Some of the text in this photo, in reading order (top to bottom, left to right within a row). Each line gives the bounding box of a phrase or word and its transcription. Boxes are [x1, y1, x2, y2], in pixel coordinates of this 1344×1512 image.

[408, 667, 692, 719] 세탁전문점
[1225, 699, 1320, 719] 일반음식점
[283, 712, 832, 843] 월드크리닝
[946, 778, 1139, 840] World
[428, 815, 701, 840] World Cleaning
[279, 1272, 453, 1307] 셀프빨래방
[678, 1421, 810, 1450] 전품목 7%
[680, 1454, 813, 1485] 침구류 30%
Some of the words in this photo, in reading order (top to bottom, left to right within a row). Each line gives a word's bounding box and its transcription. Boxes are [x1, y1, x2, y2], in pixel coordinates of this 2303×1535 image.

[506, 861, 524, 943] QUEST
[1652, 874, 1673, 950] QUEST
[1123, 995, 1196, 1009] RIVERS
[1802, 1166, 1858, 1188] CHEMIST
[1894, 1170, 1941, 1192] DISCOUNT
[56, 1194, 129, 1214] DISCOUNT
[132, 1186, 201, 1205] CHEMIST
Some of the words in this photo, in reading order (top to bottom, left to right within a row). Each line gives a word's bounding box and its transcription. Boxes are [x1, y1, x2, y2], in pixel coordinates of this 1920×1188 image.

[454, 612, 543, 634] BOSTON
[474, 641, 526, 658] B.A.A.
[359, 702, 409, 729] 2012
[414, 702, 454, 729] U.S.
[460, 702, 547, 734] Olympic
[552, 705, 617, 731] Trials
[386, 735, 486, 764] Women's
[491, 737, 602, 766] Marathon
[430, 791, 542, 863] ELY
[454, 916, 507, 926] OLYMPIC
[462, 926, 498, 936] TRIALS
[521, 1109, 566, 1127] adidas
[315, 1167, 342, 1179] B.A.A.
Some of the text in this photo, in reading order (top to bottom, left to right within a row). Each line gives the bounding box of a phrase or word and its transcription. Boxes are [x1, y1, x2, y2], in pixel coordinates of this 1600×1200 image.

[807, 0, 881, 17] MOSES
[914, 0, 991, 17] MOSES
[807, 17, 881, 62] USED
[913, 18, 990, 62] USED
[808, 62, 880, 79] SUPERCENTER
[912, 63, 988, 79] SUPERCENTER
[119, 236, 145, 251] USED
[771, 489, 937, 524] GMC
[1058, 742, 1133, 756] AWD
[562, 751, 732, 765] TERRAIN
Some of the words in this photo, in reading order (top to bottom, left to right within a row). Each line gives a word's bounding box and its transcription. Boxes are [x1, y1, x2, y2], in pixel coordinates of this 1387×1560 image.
------
Output the whole listing word for word.

> _Solution below_:
Some of the text in this photo, in reading order (top to bottom, left to right within a row). Each line gives the bounding box of a phrase or word and its transcription. Boxes are [x1, y1, x2, y2], in pixel coordinates of this 1344×1512 image.

[408, 667, 692, 719] 세탁전문점
[1225, 699, 1320, 719] 일반음식점
[283, 712, 832, 843] 월드크리닝
[946, 778, 1139, 840] World
[428, 815, 701, 840] World Cleaning
[279, 1272, 453, 1307] 셀프빨래방
[678, 1421, 810, 1450] 전품목 7%
[680, 1454, 813, 1485] 침구류 30%
Some of the words in this photo, in reading order (top to bottom, left to right within a row). Each line gives a word's bounding box and its transcription. Boxes are [x1, y1, x2, y2], in pixel coordinates of this 2303×1535 image.

[506, 861, 524, 943] QUEST
[1652, 874, 1673, 950] QUEST
[1123, 995, 1196, 1009] RIVERS
[1802, 1166, 1858, 1188] CHEMIST
[1894, 1170, 1941, 1192] DISCOUNT
[56, 1194, 129, 1214] DISCOUNT
[132, 1186, 201, 1205] CHEMIST
Some of the words in this photo, in reading order (top to bottom, left to right within a row). Each line gives a word's bounding box and its transcription. Boxes are [x1, y1, x2, y2], in pixel coordinates of this 1920×1188 image.

[454, 612, 543, 634] BOSTON
[474, 641, 526, 658] B.A.A.
[359, 702, 409, 729] 2012
[414, 702, 454, 729] U.S.
[460, 702, 547, 734] Olympic
[552, 705, 617, 731] Trials
[386, 735, 486, 764] Women's
[491, 737, 602, 766] Marathon
[430, 791, 542, 863] ELY
[454, 916, 507, 926] OLYMPIC
[462, 926, 498, 936] TRIALS
[521, 1109, 566, 1127] adidas
[315, 1167, 342, 1179] B.A.A.
Some of the text in this photo, in reading order (top to bottom, left to right within a row). Each line gives the bounding box of a phrase or word and its transcription. Boxes are [x1, y1, x2, y2], in pixel coordinates of this 1600×1200 image.

[807, 0, 881, 17] MOSES
[914, 0, 991, 17] MOSES
[807, 17, 881, 62] USED
[913, 18, 990, 62] USED
[808, 62, 880, 79] SUPERCENTER
[912, 63, 988, 79] SUPERCENTER
[119, 236, 145, 251] USED
[771, 489, 937, 524] GMC
[1058, 742, 1133, 756] AWD
[562, 751, 732, 765] TERRAIN
Some of the words in this photo, in reading order (top to bottom, left to right within a row). Each line gives a word's bounding box and its transcription. Boxes are [x1, y1, x2, y2], in pixel coordinates of this 1387×1560 image.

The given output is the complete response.